After a company goes public and starts trading on the exchange, its price is determined by supply and demand for its shares in the market. The price will increase if there is a high demand for its shares due to favorable factors. If the company’s future growth potential doesn’t look good, sellers of the stock could drive down its price. The market cap then becomes a real-time estimate of the company’s value.

How to Calculate Market Cap?

The investing community often uses market capitalization value to rank companies and compare their relative sizes in a particular industry or sector. To determine a company’s market cap, simply take its current market share price and multiply the figure by the total number of shares outstanding.

Market Cap = Current Share Price * Total Number of Shares Outstanding

Market Capitalization Categories

Based on market cap, companies may be classified as large-cap, mid-cap, or small-cap. These are described in greater detail below.

1.Large-cap

Large-cap companies are usually stable, reputable, well-established businesses with a significant market share. They have market caps of INR 10,000 crore or more. Due to the low volatility in comparison with mid-cap and small-cap stocks, the risk associated with investing in the stocks of large-cap companies is very low. However, the downside is that these stocks’ growth potential is also low. Examples of large-cap companies—and keep in mind that this is an ever-changing sample—are Apple Inc., Microsoft Corp., and Google parent Alphabet Inc.

2.Mid-Cap

Companies generally have a market capitalization of between $2 billion and $10 billion occupying the middle ground between large and small companies. Mid-cap companies are established companies that operate in an industry expected to experience rapid growth. Mid-cap companies are in the process of expanding. While the risk of investing in these companies is higher than investing in large-cap companies owing to the increased volatility of their stocks, they tend to have higher growth potential. One example of a mid-cap company is Eagle Materials Inc.

3.Small-Cap

Companies with a market capitalization of between $300 million to $2 billion are generally classified as small-cap companies. These small companies could be younger, and/or they could serve niche markets and new industries. These companies are considered higher-risk investments due to their age, the markets they serve, and their size.4 Smaller companies with fewer resources are more sensitive to economic slowdowns.
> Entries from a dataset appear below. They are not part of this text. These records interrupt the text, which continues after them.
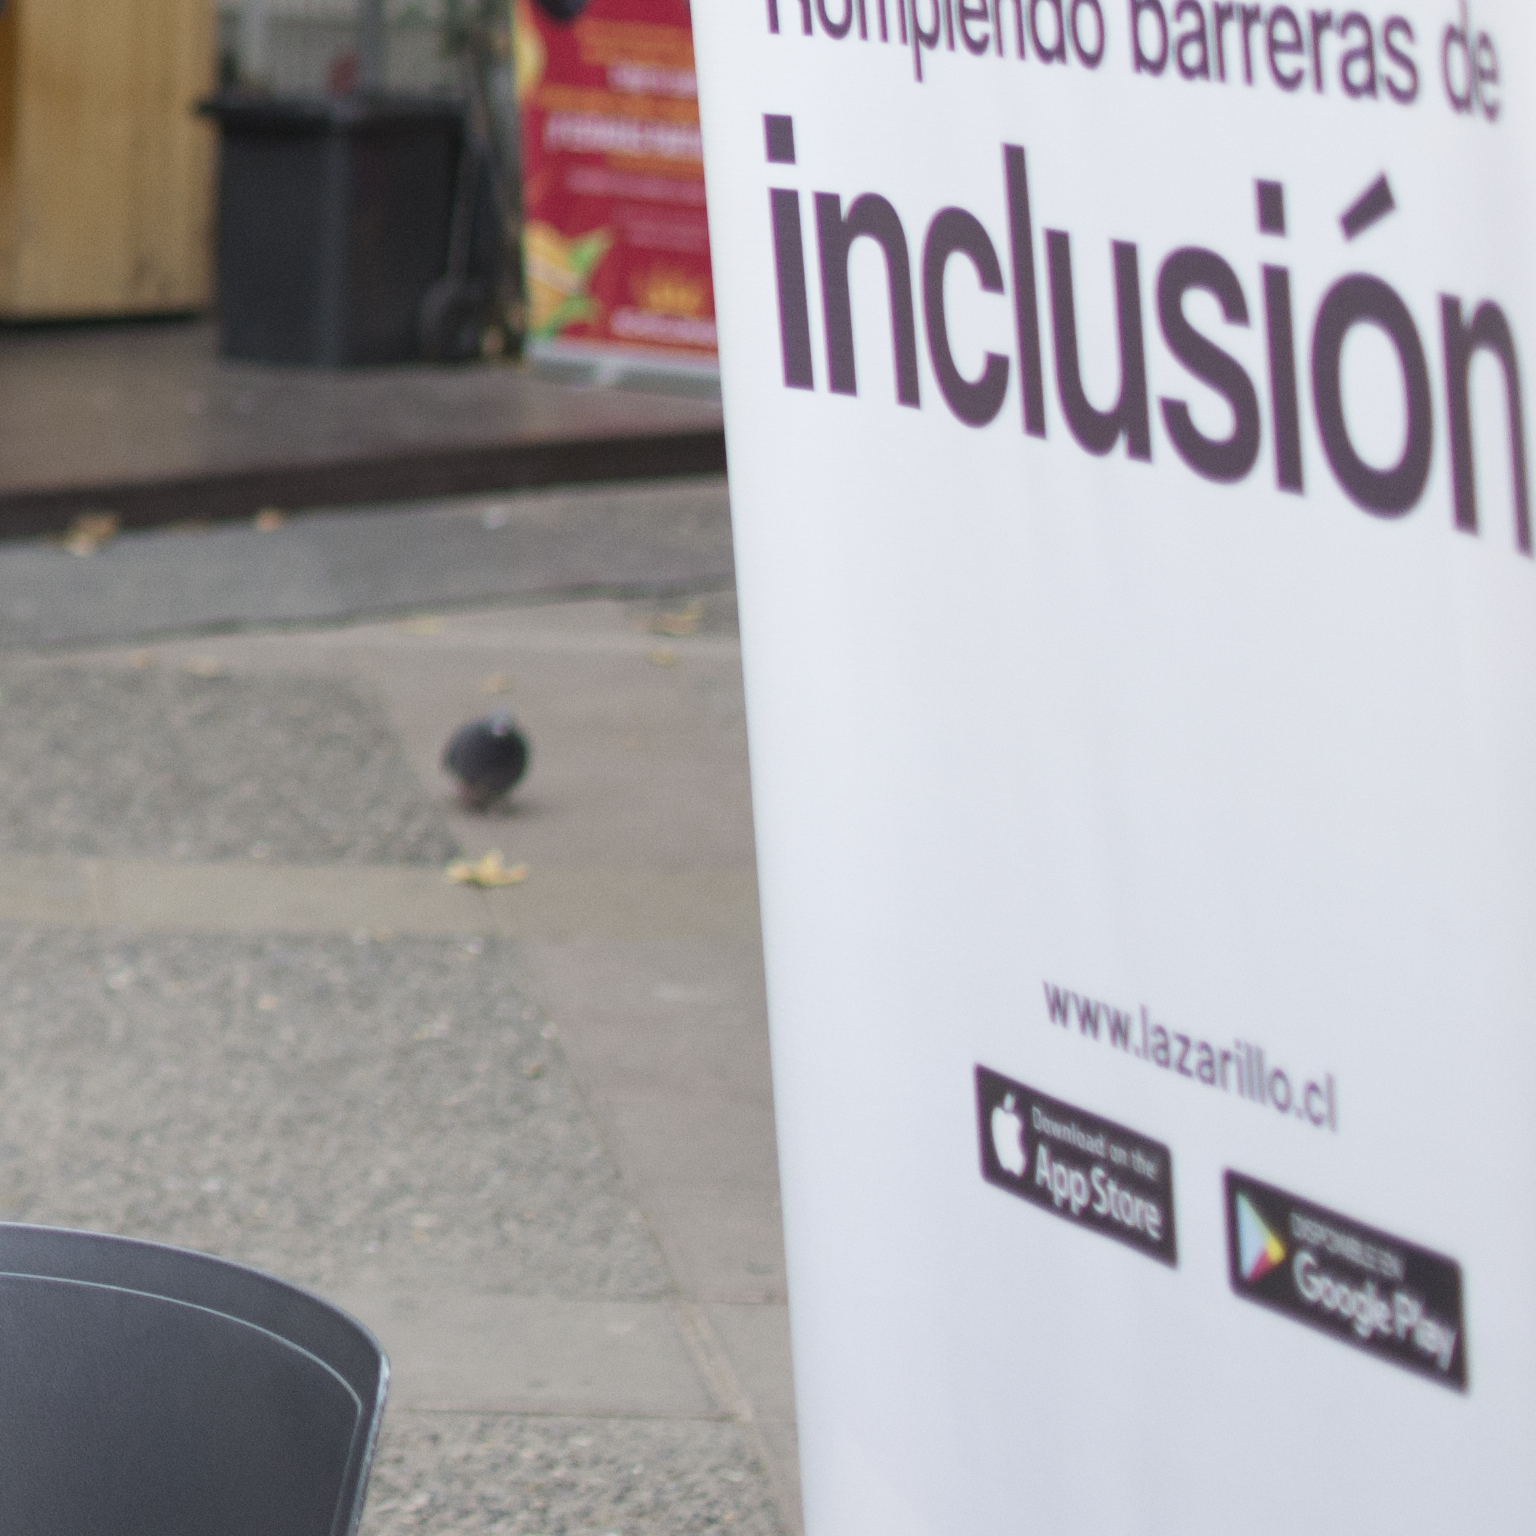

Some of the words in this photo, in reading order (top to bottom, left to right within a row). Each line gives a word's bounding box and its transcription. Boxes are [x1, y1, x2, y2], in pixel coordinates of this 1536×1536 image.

[762, 112, 1534, 560] inclusión
[1042, 979, 1338, 1134] www.lazarillo.cl
[1031, 1105, 1106, 1158] Download
[1034, 1142, 1090, 1214] App
[1090, 1165, 1163, 1241] Store
[1292, 1249, 1393, 1339] Google
[1393, 1290, 1459, 1372] Play
As a result, small-cap share prices tend to be more volatile and less liquid than more mature and larger companies. At the same time, small companies often provide greater growth opportunities than large caps. Even smaller companies are known as micro-cap, with values between approximately $50 million and $300 million.
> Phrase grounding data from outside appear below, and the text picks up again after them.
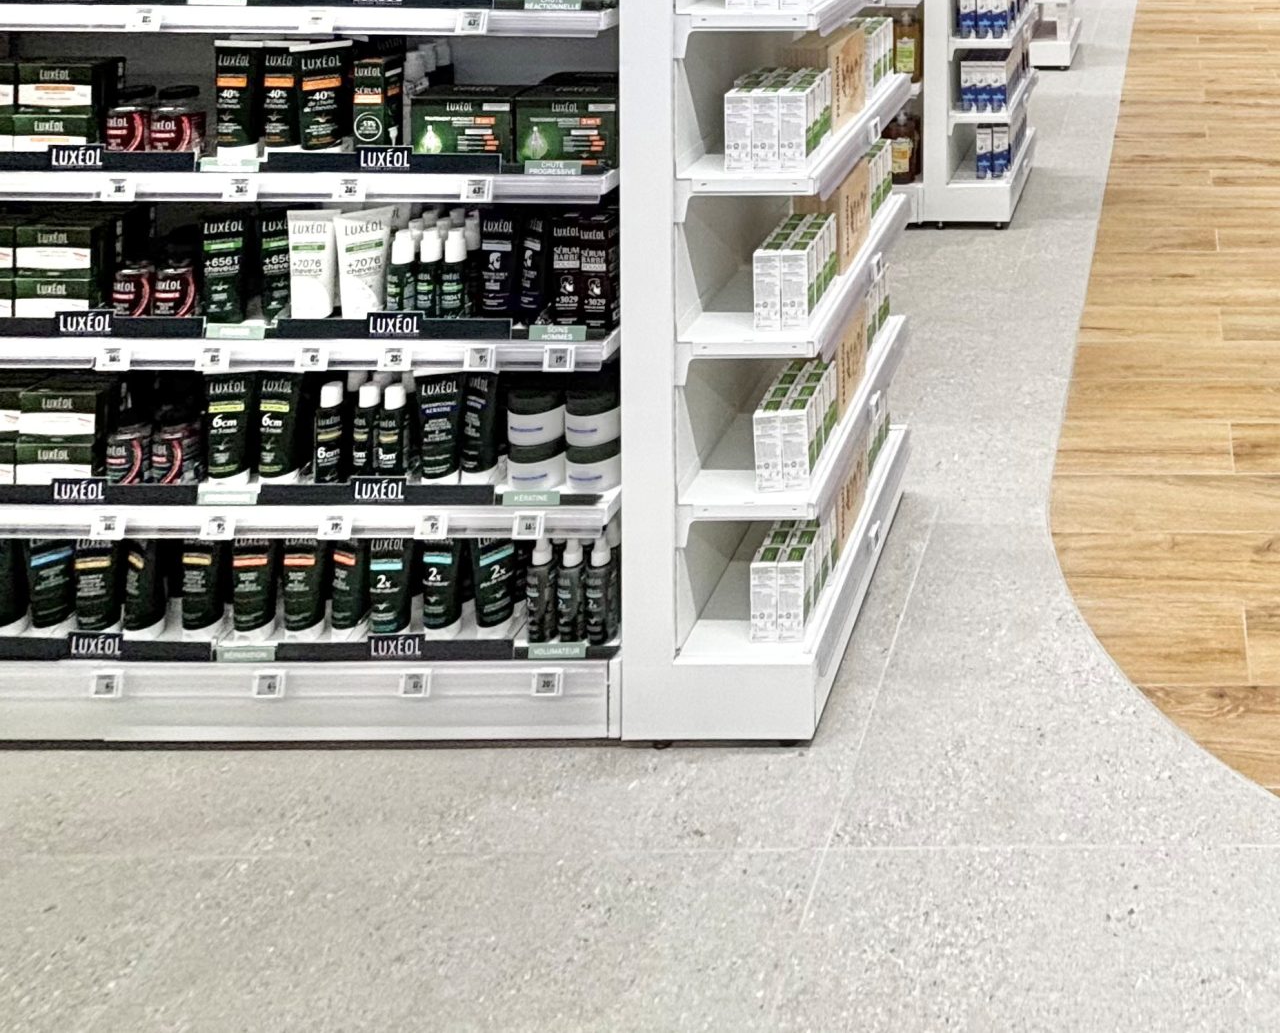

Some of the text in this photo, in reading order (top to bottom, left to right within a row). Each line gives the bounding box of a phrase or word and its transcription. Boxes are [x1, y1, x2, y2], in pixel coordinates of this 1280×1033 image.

[217, 53, 250, 67] LUXÉOL
[301, 55, 342, 70] LUXÉOL
[354, 66, 381, 77] LUXÉOL
[446, 102, 472, 112] LUXÉOL
[34, 120, 64, 132] LUXÉOL
[51, 147, 103, 166] LUXÉOL
[360, 148, 410, 167] LUXÉOL
[204, 220, 244, 235] LUXÉOL
[292, 222, 328, 235] LUXÉOL
[344, 220, 384, 236] LUXÉOL
[483, 219, 513, 233] LUXÉOL
[553, 226, 580, 237] LUXÉOL
[36, 282, 67, 295] LUXÉOL
[59, 312, 112, 332] LUXÉOL
[369, 313, 420, 333] LUXÉOL
[209, 380, 247, 394] LUXÉOL
[262, 379, 292, 393] LUXÉOL
[421, 380, 458, 396] LUXÉOL
[42, 397, 73, 409] LUXÉOL
[212, 414, 238, 428] 6cm
[262, 413, 283, 427] 6cm
[37, 448, 69, 461] LUXÉOL
[317, 446, 340, 459] 6cm
[54, 479, 105, 499] LUXÉOL
[354, 479, 404, 499] LUXÉOL
[377, 575, 392, 589] 2x
[71, 635, 122, 654] LUXÉOL
[370, 637, 422, 656] LUXÉOL
Why market capitalization is an important concept

Market capitalization is important because it allows potential investors to understand the true value of companies and the size of one company to another. It helps investors predict the future performance of a company’s stock because it reflects what the market is willing to pay for the stock.

With the knowledge of the market caps of various companies, investors can make better-informed decisions about the types of stocks they would want in their portfolios by their investment plans. Over a long enough period, large-cap, mid-cap, and small-cap stocks have the potential to lead the markets due to being differently affected by changes in the economy. For this reason, investors prefer to have a diverse portfolio consisting of a well-balanced mix of these three types of stocks.

What Are the Factors Which Impact Market Caps?

There are quite a few factors that impact the market cap of a company. Learning these factors can aid investors in judging if a specific company is expected to offer good returns.

  • Demand for the products or services of an institution and its ability to serve that demand are both crucial factors that impact the MC of a company.
  • Fluctuations in the market can impact the MC. This can be in a specific industry, economic downturn, or both.
  • Exercising warrants on the stocks of an enterprise can reduce its value.
  • Performance and ingenuity of competitor brands or institutions.
  • The reliability and the reputation of a company.

The number of outstanding shares of a company depends on factors like buying back shares or issuing new shares. In case of stock splits to issue new shares, a company’s market capitalization remains unchanged.

While understanding the impact of different factors on the MC, it is also advisable for investors to understand how investments grow or decline over the years.